Según un estudio de la Dirección de Evaluación de Impacto Ambiental de la Seam, esos niveles fueron detectados en muestras de agua y de peces extraídos del Paraguay, que nace en el Pantanal de Brasil, recorre un corto trayecto en Bolivia y confluye con el Paraná.
Ovidio Espínola, autor del estudio, advirtió del aumento de la concentración de mercurio 'en los niveles superiores de la cadena trófica' y aseveró que ese elemento químico 'es neurotóxico o sea ataca la salud humana, principalmente el sistema nervioso y también los órganos vitales como el riñón'.
El mercurio 'se transforma en metil, posee un compuesto orgánico, que los peces ingieren, lo que genera una acumulación en sus organismos, y en los seres que se alimentan de ellos, y lo van acumulando en mayor cantidad', subrayó Espínola.
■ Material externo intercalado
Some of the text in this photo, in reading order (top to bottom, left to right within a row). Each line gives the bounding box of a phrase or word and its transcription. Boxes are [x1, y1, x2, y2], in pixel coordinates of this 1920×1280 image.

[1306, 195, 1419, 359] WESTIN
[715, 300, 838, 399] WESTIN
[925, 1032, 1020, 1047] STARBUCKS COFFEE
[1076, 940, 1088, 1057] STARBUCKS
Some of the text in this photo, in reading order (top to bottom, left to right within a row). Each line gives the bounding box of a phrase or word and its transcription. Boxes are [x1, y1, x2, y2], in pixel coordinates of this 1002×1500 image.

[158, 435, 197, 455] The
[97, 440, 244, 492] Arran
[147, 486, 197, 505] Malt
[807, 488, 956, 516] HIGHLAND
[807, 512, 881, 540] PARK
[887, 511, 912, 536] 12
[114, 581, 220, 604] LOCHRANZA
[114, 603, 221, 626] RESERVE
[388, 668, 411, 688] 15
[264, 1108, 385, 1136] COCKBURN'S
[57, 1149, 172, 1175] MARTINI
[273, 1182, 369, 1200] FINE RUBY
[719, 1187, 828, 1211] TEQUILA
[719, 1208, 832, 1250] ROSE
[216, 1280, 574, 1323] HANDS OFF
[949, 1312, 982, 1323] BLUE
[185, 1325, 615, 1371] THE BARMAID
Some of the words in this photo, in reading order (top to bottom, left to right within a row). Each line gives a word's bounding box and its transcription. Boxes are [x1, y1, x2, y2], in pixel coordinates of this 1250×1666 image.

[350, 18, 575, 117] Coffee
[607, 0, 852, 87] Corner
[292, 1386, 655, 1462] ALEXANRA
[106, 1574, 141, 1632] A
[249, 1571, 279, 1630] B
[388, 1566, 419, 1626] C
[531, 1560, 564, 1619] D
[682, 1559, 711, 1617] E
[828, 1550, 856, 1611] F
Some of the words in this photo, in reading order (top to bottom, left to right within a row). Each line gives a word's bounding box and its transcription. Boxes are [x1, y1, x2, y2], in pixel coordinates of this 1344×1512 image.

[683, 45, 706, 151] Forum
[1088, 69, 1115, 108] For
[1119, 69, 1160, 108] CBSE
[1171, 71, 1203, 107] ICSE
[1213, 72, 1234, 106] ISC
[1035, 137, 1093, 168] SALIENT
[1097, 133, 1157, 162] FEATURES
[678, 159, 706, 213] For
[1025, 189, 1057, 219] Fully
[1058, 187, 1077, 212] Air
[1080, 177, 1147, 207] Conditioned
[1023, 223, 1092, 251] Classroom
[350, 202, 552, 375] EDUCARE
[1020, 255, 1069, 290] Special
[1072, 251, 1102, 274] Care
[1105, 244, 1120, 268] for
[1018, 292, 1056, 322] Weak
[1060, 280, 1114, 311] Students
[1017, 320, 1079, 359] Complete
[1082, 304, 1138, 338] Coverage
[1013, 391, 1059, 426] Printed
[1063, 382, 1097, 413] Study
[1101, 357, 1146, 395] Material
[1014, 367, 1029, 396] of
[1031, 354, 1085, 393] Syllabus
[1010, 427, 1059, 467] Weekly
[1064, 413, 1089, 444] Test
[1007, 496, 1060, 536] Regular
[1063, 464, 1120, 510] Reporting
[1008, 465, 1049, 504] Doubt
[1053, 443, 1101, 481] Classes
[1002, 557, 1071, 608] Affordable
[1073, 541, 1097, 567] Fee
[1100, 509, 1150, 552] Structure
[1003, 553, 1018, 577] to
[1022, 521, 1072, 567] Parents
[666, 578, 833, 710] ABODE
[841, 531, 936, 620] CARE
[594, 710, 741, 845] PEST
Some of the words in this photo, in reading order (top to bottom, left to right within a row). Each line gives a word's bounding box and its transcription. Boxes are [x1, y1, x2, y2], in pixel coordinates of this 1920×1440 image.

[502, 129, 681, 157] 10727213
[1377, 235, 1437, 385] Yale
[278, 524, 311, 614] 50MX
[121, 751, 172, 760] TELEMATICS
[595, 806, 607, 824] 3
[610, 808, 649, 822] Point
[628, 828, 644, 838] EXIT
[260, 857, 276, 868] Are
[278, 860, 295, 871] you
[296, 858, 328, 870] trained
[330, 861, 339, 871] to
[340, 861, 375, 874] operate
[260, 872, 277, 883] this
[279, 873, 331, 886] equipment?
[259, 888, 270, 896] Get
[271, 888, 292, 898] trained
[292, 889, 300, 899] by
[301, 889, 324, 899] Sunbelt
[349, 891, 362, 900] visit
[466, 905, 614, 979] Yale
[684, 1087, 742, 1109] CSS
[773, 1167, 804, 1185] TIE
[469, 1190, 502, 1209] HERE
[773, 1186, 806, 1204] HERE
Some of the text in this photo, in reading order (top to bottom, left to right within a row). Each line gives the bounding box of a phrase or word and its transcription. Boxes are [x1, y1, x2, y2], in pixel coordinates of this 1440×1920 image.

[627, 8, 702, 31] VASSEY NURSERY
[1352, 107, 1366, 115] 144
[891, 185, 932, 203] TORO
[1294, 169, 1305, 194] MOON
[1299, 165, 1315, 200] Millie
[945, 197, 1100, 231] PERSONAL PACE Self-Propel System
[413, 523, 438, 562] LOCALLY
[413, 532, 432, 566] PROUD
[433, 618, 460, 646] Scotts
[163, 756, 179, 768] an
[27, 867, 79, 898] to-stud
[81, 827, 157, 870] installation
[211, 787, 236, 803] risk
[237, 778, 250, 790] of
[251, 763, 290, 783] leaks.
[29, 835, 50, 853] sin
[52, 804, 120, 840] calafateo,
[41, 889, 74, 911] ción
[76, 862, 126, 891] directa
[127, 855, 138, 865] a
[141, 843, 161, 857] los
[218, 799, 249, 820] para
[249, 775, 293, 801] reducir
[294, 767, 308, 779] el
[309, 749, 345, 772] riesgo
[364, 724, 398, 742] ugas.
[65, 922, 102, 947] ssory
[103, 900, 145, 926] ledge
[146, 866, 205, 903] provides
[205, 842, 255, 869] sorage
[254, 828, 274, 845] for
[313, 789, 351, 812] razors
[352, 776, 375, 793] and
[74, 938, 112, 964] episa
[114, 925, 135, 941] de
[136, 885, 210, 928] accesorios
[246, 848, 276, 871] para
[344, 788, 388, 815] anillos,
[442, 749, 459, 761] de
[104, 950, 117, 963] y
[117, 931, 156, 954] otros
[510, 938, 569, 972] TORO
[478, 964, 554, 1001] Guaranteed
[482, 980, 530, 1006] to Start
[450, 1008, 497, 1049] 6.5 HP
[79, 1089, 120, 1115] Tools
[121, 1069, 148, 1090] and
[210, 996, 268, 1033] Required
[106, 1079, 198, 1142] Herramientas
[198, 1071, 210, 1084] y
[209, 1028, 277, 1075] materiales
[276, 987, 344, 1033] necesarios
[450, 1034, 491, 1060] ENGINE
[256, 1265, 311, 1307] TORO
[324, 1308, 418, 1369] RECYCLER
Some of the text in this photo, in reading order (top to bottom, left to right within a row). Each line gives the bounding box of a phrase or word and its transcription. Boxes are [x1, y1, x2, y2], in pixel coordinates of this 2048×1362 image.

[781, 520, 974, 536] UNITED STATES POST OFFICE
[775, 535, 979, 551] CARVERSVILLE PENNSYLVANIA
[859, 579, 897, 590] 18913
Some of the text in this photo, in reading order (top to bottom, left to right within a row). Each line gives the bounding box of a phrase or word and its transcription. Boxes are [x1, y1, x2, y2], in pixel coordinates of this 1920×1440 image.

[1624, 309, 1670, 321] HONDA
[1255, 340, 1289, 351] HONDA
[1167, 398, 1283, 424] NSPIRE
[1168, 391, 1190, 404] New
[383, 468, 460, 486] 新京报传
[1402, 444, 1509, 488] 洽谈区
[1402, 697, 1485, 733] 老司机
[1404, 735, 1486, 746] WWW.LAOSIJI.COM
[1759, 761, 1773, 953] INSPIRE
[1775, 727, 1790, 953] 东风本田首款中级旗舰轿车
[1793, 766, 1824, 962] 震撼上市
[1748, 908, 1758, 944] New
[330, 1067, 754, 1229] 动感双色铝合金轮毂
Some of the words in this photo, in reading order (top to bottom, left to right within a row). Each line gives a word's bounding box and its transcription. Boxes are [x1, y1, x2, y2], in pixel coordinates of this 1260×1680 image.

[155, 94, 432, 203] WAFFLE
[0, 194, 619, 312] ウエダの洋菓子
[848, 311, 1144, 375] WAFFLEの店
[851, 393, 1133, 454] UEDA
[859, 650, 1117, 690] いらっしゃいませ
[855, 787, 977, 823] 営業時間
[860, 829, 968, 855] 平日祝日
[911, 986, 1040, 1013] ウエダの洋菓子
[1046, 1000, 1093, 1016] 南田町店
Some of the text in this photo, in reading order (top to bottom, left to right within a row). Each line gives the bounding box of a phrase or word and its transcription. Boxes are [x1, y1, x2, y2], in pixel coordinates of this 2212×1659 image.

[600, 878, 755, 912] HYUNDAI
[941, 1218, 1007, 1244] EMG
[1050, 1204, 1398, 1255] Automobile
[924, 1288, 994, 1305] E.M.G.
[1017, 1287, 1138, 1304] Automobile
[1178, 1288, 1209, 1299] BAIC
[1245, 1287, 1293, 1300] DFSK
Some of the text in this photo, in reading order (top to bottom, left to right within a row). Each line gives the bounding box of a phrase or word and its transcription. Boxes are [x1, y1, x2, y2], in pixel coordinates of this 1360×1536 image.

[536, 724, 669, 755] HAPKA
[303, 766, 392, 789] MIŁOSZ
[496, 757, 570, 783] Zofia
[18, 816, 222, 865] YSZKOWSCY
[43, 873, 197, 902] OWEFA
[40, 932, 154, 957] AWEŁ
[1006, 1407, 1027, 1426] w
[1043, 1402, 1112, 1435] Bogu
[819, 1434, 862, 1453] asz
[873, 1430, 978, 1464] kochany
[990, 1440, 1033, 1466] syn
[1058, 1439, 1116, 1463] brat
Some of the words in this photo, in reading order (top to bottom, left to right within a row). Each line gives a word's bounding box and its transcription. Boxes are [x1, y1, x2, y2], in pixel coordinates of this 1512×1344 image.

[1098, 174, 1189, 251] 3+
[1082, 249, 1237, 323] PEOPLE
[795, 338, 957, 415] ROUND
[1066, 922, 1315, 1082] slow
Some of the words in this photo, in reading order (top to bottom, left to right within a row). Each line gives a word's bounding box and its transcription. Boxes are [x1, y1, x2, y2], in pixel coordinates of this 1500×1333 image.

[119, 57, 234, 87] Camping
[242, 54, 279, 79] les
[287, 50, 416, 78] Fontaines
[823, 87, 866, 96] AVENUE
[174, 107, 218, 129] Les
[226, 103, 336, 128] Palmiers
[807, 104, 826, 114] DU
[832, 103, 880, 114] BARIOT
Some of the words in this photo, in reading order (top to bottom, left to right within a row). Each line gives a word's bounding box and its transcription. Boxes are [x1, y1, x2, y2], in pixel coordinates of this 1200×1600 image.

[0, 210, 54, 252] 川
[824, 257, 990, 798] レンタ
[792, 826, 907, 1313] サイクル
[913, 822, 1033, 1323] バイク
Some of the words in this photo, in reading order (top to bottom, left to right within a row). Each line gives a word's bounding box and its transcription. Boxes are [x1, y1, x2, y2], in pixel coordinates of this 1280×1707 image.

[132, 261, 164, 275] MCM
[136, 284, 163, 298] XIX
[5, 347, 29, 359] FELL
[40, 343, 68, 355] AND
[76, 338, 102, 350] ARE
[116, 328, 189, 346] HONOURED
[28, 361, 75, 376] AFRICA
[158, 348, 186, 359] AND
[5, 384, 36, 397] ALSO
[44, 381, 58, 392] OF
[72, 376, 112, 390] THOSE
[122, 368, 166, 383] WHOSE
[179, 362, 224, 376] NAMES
El experto identificó dos fuentes de contaminación, una que proviene del Pantanal, en territorio brasileño, por el empleo de ese metal por parte de buscadores de oro, y otra del departamento de Guairá, centro de la región oriental de Paraguay, donde últimamente prolifera la búsqueda de metales preciosos.
Espínola también enfatizó que también contribuye el uso doméstico de las baterías chinas, que contienen mercurio muy por encima de los niveles permitidos y que en su mayoría ingresa de contrabando al país.
'La pilas que vienen de la Unión Europea y de los Estados Unidos ya no tienen mercurio en cantidades peligrosas para el ambiente y para salud', apuntó el experto.